The first clash of arms came in May with a chance encounter at the "Lousie-Law", a hill on the Burgh Muir within sight of Edinburgh Castle. This was followed by a month-long siege of the town of Edinburgh by the King's party, and a short second siege in October. On 13 May, the King's men built a small artillery redoubt for three cannon on the "Dow Craig" of the Calton Hill above Trinity College Kirk, which was attacked the same night. The King's party gathered in the Canongate in a meeting known as the "creeping parliament", from their attempts to assemble inconspicuously, on 14-16 May, while Mary's supporters met in the tolbooth. The blockade of the castle and skirmishing continued, with another clash of arms in the grounds of Craigmillar Castle on 2 June 1571 and at the Gallow Hill of Leith (modern Shrubhill) on 10 June 1571. On 26 June, known subsequently as "Black Saturday", the Earl of Morton brought his soldiers to Hawkhill at Restalrig, which provoked Grange to bring his men out to the Quarry Holes (where present-day Easter Road meets Abbey Mount). Morton's men pursued them back to the Water Gate at the eastern end of the Canongate. In July, the King's men garrisoned the Palace of Holyroodhouse and Grange responded on 25 July by placing guns in an entrenchment at the "Black Friar Yard" (the modern High School Yards) to shoot at the palace.

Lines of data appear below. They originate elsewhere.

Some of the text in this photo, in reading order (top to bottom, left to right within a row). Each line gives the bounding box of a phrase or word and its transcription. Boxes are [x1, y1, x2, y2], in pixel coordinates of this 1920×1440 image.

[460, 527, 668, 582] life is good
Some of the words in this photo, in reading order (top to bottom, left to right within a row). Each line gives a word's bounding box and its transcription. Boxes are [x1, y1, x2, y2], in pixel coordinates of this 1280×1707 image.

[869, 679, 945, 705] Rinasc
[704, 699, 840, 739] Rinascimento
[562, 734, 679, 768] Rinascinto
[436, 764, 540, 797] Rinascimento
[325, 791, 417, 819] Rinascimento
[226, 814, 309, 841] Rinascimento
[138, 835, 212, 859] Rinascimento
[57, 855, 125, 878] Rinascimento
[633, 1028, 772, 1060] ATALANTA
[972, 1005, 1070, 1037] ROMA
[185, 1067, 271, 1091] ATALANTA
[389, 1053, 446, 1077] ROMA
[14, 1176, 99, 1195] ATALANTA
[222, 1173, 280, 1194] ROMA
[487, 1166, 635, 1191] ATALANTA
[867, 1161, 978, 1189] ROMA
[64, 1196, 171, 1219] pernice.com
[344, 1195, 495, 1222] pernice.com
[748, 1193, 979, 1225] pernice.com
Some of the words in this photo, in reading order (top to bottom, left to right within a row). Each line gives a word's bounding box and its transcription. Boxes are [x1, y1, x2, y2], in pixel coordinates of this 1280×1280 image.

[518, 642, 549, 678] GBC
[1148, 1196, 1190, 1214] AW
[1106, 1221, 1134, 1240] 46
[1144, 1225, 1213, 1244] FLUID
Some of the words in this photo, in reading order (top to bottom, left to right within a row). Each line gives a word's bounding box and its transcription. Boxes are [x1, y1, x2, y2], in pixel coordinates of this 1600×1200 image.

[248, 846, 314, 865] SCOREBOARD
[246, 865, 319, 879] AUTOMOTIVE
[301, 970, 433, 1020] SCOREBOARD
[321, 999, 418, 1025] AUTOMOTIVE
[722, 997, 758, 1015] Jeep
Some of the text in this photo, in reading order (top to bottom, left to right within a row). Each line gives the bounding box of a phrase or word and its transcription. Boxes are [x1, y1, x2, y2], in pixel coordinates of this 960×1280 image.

Attempts were made to supply Grange and the Castle from France and George, Lord Seton negotiated for support with Duke of Alba in the Spanish Netherlands. In July 1571, John Chisholm, controller of the royal artillery, was captured after setting out from Dieppe with money from the exiled Bishop of Glasgow, cannonballs of four different calibres and pikes. He was arrested by Patrick, Lord Lindsay, but managed to pass some of the money to Grange. Although Chisholm was taken at North Queensferry it was thought he had intended to capture Tantallon Castle, linking up with Mary's supporters who unsuccessfully attacked the castle on 2 July 1571.
At this time, Grange began to the demolish houses at the top of the Canongate close to the Netherbow Port (town gate), to create an open killing ground. Grange's men, now being called the "Castilians" demolished more houses from February 1572 onwards. The timber from the houses was used as fuel that was needed because the King's forces had sabotaged the coal mines, but the demolitions continued into the summer. The Castilians seem to have been trying to extort loans from the wealthy burgesses who had resorted to Leith, and as many as 50 houses were dismantled by the "Captain of the Chimneys." Grange was more successful in raising money from loans on the security of the crown jewels, which were "laid in wed and pledge" with wealthy merchants and aristocratic allies. Subsequently, an inquest found that two merchants who loaned large sums to the Queen's party had been personal friends of Moray and John Knox.
Meanwhile, in the north of Scotland, Adam Gordon of Auchindoun, brother of the Earl of Huntly fought for the Queen. Regent Mar encouraged the Clan Forbes who had long feuded with the Gordons in Aberdeenshire to fight for him. Gordon's force was attacked by the Forbes, commanded by Black Arthur Forbes, at the battle of Tillieangus on 10 October 1571, and the Forbes were defeated. Mar sent an army commanded by Captains Chisholm and Wedderburn northwards, and the Earl of Huntly sent a force north from Edinburgh with orders to "offend the Forbeses all they can." The Forbes were again defeated when they marched against the Gordons at Aberdeen at the battle of Craibstone on 20 November 1571, and Arthur Forbes was killed. The son of Lord Forbes was imprisoned at Huntly Castle.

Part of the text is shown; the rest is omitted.